4. 1998-2006年におけるOY-MとOY-NIMプラスミドの比較解析

OY-Mは植物と昆虫を用いて維持している一方で、OY-NIMは植物内でのみ維持しているため、両者は宿主環境が大きく異なる。加えて、OY-NIMは短期間でOY-Mから単離されたことから、OY-NIMのプラスミド配列は単離後から現在までの間に、更に配列が変化していると推測された。そこで、昆虫伝搬能喪失後のプラスミドの変化を追うため、OY-NIMを植物の組織培養によって約10年間維持し、その過程で経時的にサンプリングしたDNAを用いて、プラスミドの遺伝子構造を解析した。その結果、EcOYNIMはorf3プロモーターが欠失した後、orf3を含む周辺の領域が段階的に欠失し、最終的にはプラスミド自体がOY-NIMから消失したことが明らかとなった。以上の結果より、EcOYNIMは植物による継代・維持で配列が段階的に失われ、遂にはプラスミド自体がOY-NIMから消失したことが明らかとなった。
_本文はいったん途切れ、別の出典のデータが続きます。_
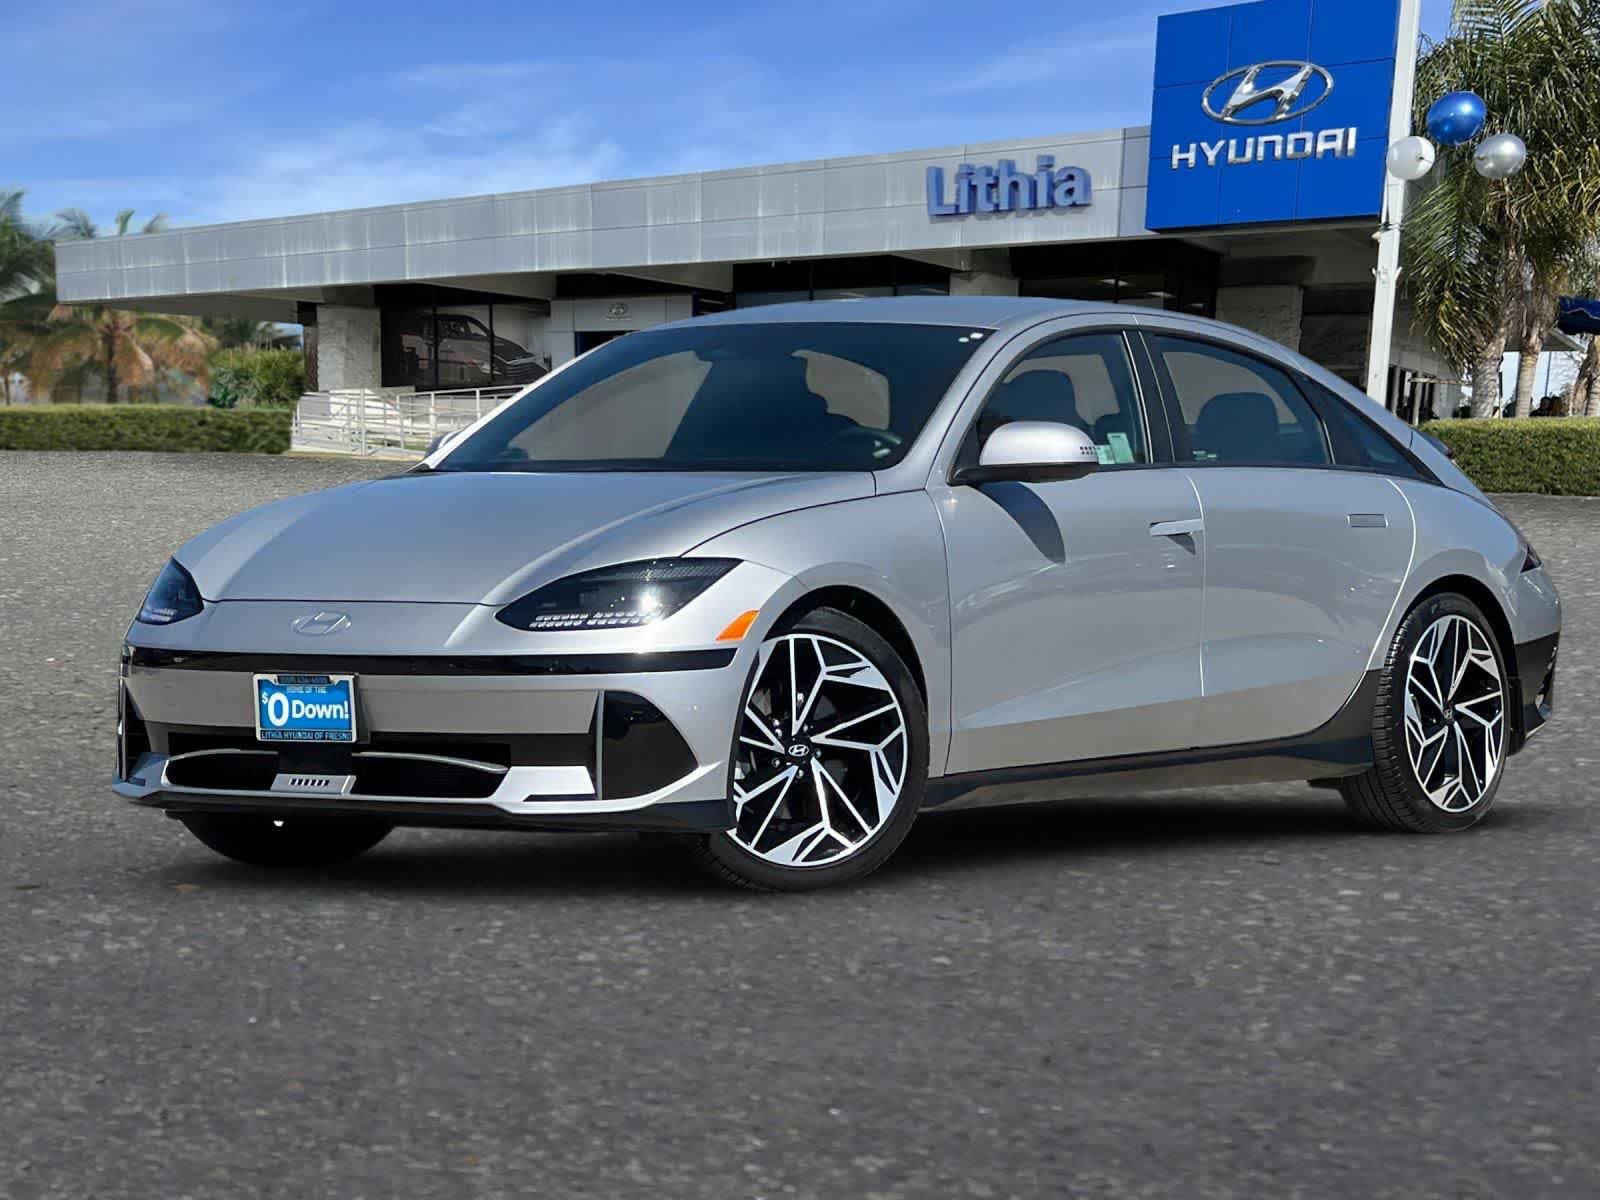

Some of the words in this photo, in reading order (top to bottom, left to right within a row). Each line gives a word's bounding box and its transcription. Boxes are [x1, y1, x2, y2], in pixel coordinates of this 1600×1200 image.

[1171, 127, 1358, 169] HYUNDAI
[926, 154, 1093, 217] Lithia
[291, 700, 349, 719] Down!
以上を要するに、OY-NIMのプラスミドは植物内という一定の宿主環境における維持により、段階的に配列が欠失していることが明らかとなった。この結果は、orf3を含めOYプラスミドにコードされる遺伝子が、植物内での生存に必須ではないことを示しており、ファイトプラズマのプラスミドと昆虫伝搬能との関連性が強く示唆された。この意義は大きく、この成果を応用すれば、昆虫伝搬によるファイトプラズマ病の拡大を抑えるような有効な防除法の確立も実現可能であると想定される。以上のように本研究の成果は、学術上また応用上きわめて価値が高い。よって審査委員一同は本論文が博士(農学)に値するものと認めた。